#### [Your assignment]
Keeping every character as it is, transcribe the entries below.

== Records provided

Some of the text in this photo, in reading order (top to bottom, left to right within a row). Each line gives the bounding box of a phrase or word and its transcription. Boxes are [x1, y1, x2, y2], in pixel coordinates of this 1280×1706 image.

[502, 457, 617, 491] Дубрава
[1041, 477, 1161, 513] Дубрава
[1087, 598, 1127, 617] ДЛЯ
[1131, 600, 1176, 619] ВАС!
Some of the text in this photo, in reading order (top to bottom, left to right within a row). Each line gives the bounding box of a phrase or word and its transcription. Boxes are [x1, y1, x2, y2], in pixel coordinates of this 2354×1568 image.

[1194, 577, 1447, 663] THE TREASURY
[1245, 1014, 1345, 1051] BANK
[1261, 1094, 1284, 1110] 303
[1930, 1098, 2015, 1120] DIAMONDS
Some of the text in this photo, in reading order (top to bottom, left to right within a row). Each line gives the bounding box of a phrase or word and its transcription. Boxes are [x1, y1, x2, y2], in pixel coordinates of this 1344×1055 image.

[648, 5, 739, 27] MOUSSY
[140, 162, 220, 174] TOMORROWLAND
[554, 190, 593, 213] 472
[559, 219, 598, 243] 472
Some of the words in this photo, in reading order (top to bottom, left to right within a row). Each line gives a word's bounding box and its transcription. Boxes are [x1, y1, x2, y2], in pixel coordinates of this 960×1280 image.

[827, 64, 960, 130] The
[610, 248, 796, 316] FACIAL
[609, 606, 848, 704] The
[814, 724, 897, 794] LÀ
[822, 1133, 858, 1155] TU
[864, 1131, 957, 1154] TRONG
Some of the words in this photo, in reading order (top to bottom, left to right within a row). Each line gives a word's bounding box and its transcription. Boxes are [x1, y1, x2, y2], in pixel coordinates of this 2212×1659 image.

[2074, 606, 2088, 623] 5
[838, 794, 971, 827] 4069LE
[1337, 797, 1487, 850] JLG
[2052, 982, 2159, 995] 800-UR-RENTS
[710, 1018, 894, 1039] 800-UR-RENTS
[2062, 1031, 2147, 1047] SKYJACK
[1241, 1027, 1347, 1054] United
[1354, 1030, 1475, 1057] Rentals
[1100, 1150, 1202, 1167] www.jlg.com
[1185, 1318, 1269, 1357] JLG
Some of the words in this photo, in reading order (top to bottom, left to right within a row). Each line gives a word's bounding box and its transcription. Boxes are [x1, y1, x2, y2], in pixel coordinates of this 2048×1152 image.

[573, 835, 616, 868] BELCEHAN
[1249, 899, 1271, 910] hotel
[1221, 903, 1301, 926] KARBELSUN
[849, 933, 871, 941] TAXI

====

#### [Written solution]
Some of the text in this photo, in reading order (top to bottom, left to right within a row). Each line gives the bounding box of a phrase or word and its transcription. Boxes are [x1, y1, x2, y2], in pixel coordinates of this 1280×1706 image.

[502, 457, 617, 491] Дубрава
[1041, 477, 1161, 513] Дубрава
[1087, 598, 1127, 617] ДЛЯ
[1131, 600, 1176, 619] ВАС!
Some of the text in this photo, in reading order (top to bottom, left to right within a row). Each line gives the bounding box of a phrase or word and its transcription. Boxes are [x1, y1, x2, y2], in pixel coordinates of this 2354×1568 image.

[1194, 577, 1447, 663] THE TREASURY
[1245, 1014, 1345, 1051] BANK
[1261, 1094, 1284, 1110] 303
[1930, 1098, 2015, 1120] DIAMONDS
Some of the text in this photo, in reading order (top to bottom, left to right within a row). Each line gives the bounding box of a phrase or word and its transcription. Boxes are [x1, y1, x2, y2], in pixel coordinates of this 1344×1055 image.

[648, 5, 739, 27] MOUSSY
[140, 162, 220, 174] TOMORROWLAND
[554, 190, 593, 213] 472
[559, 219, 598, 243] 472
Some of the words in this photo, in reading order (top to bottom, left to right within a row). Each line gives a word's bounding box and its transcription. Boxes are [x1, y1, x2, y2], in pixel coordinates of this 960×1280 image.

[827, 64, 960, 130] The
[610, 248, 796, 316] FACIAL
[609, 606, 848, 704] The
[814, 724, 897, 794] LÀ
[822, 1133, 858, 1155] TU
[864, 1131, 957, 1154] TRONG
Some of the words in this photo, in reading order (top to bottom, left to right within a row). Each line gives a word's bounding box and its transcription. Boxes are [x1, y1, x2, y2], in pixel coordinates of this 2212×1659 image.

[2074, 606, 2088, 623] 5
[838, 794, 971, 827] 4069LE
[1337, 797, 1487, 850] JLG
[2052, 982, 2159, 995] 800-UR-RENTS
[710, 1018, 894, 1039] 800-UR-RENTS
[2062, 1031, 2147, 1047] SKYJACK
[1241, 1027, 1347, 1054] United
[1354, 1030, 1475, 1057] Rentals
[1100, 1150, 1202, 1167] www.jlg.com
[1185, 1318, 1269, 1357] JLG
Some of the words in this photo, in reading order (top to bottom, left to right within a row). Each line gives a word's bounding box and its transcription. Boxes are [x1, y1, x2, y2], in pixel coordinates of this 2048×1152 image.

[573, 835, 616, 868] BELCEHAN
[1249, 899, 1271, 910] hotel
[1221, 903, 1301, 926] KARBELSUN
[849, 933, 871, 941] TAXI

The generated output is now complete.